In your copy of the listing below, reproduce each word exactly and include no pictures.

EXTRACTED ENTRIES:
▬▬▬▬▬▬
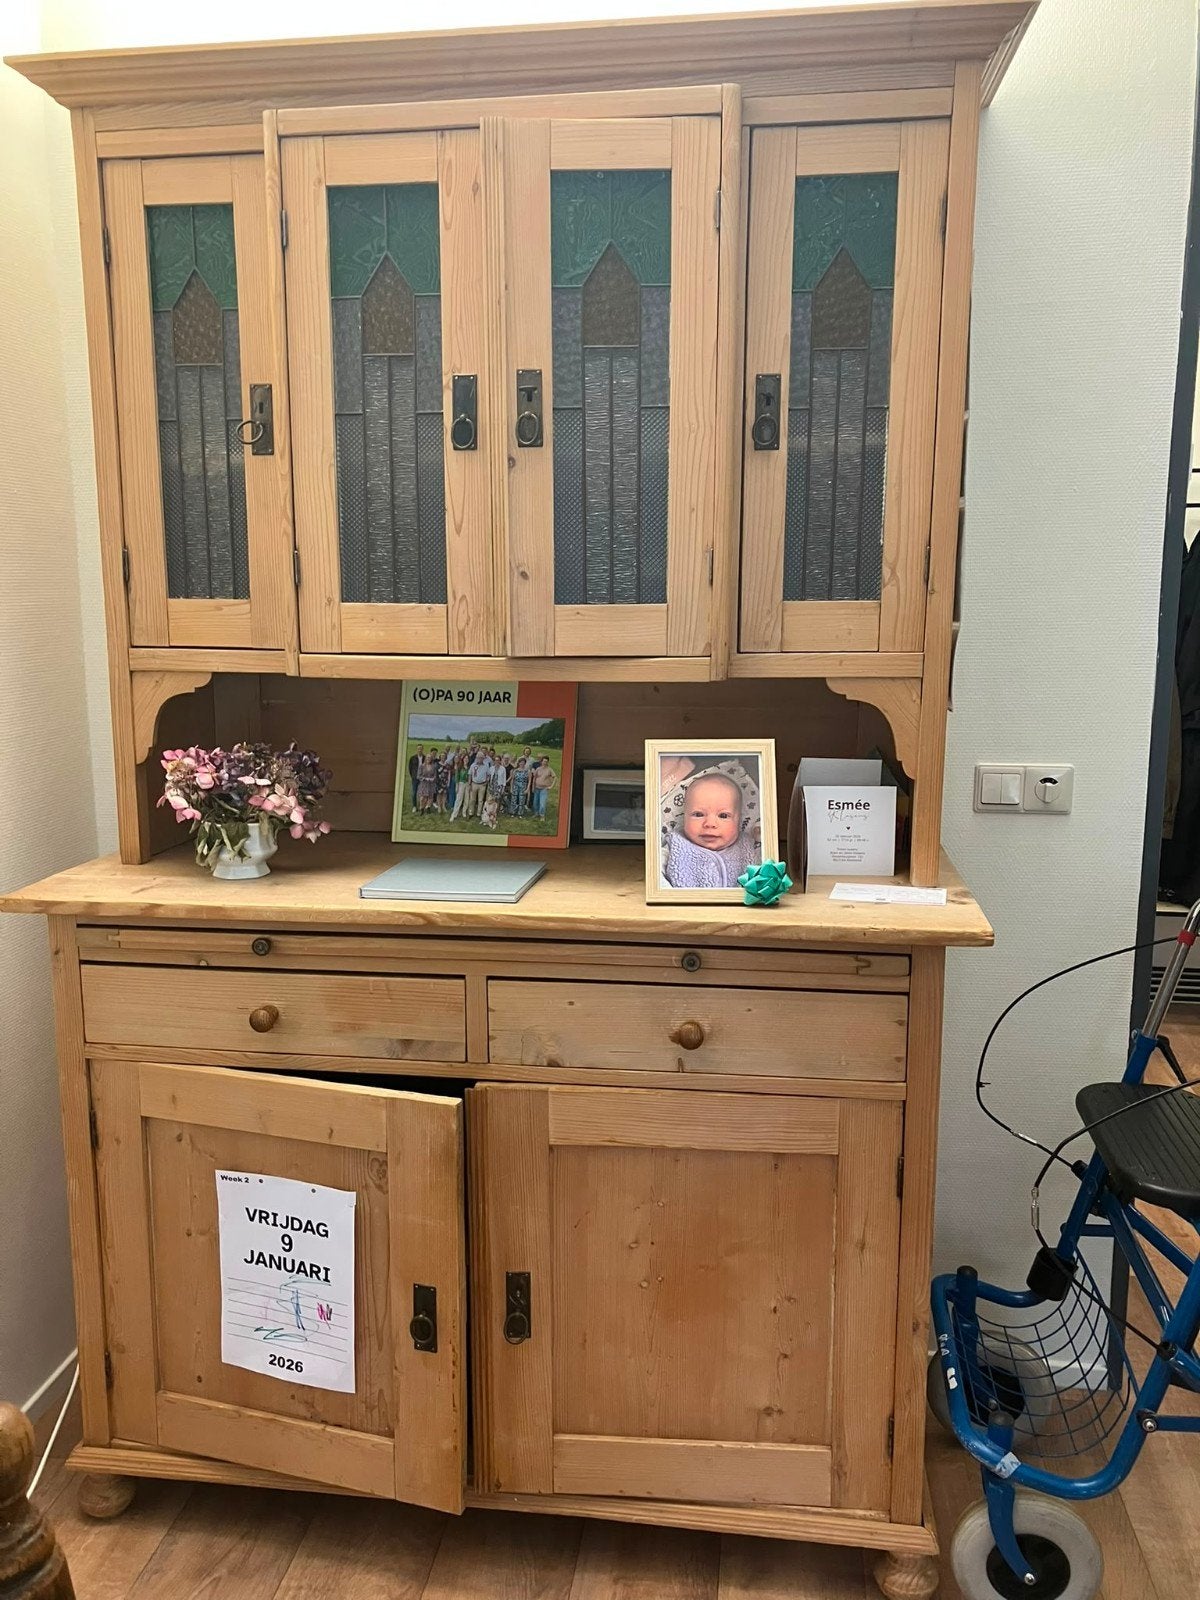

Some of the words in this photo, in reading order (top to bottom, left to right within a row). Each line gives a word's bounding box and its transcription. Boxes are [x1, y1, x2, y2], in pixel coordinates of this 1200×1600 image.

[413, 687, 453, 704] (O)PA
[457, 690, 475, 702] 90
[478, 691, 512, 704] JAAR
[828, 799, 871, 811] Esmée
[220, 1174, 243, 1184] Week
[244, 1176, 250, 1184] 2
[245, 1207, 329, 1238] VRIJDAG
[281, 1233, 293, 1253] 9
[243, 1249, 331, 1283] JANUARI
[268, 1353, 304, 1373] 2026
▬▬▬▬▬▬
OUTPUT OF THE TASK:
Some of the words in this photo, in reading order (top to bottom, left to right within a row). Each line gives a word's bounding box and its transcription. Boxes are [x1, y1, x2, y2], in pixel coordinates of this 1200×1600 image.

[413, 687, 453, 704] (O)PA
[457, 690, 475, 702] 90
[478, 691, 512, 704] JAAR
[828, 799, 871, 811] Esmée
[220, 1174, 243, 1184] Week
[244, 1176, 250, 1184] 2
[245, 1207, 329, 1238] VRIJDAG
[281, 1233, 293, 1253] 9
[243, 1249, 331, 1283] JANUARI
[268, 1353, 304, 1373] 2026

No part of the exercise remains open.